Every entry below has to appear again in your reply, word for word, but no picture may.

───── RECORDS FOR THE EXERCISE ─────

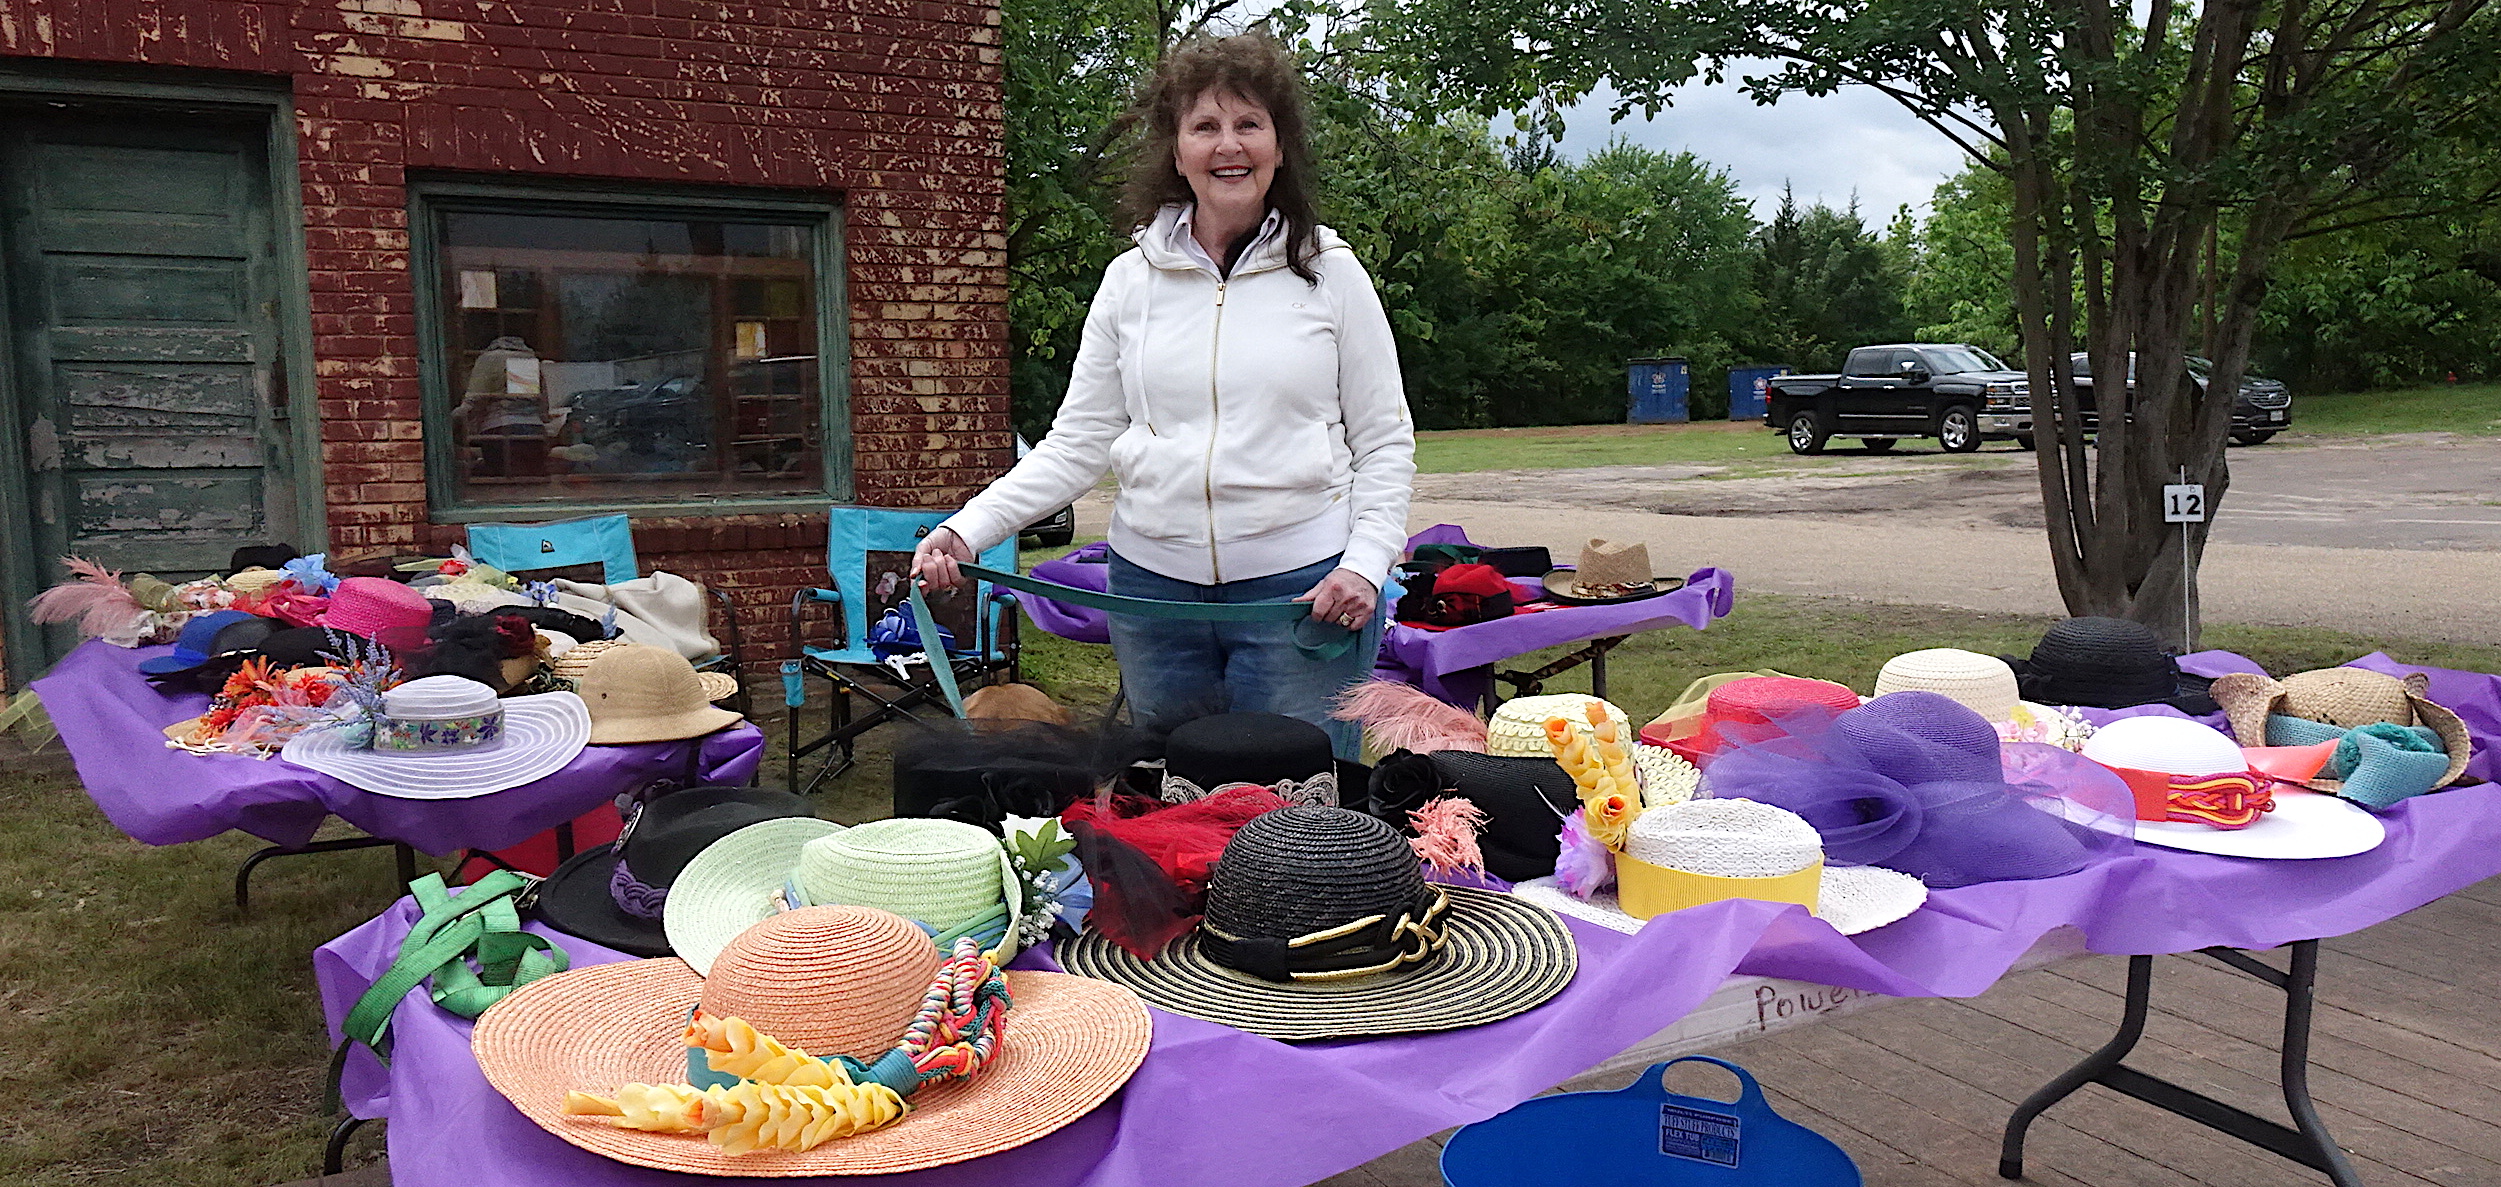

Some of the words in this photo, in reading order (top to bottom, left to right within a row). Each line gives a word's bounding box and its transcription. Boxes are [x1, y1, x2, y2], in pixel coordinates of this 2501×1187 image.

[2170, 493, 2201, 516] 12
[1754, 985, 1880, 1032] Powe
[1665, 1128, 1684, 1139] FLEX
[1685, 1131, 1700, 1142] TUB

─────

* YOUR SOLUTION
Some of the words in this photo, in reading order (top to bottom, left to right within a row). Each line gives a word's bounding box and its transcription. Boxes are [x1, y1, x2, y2], in pixel coordinates of this 2501×1187 image.

[2170, 493, 2201, 516] 12
[1754, 985, 1880, 1032] Powe
[1665, 1128, 1684, 1139] FLEX
[1685, 1131, 1700, 1142] TUB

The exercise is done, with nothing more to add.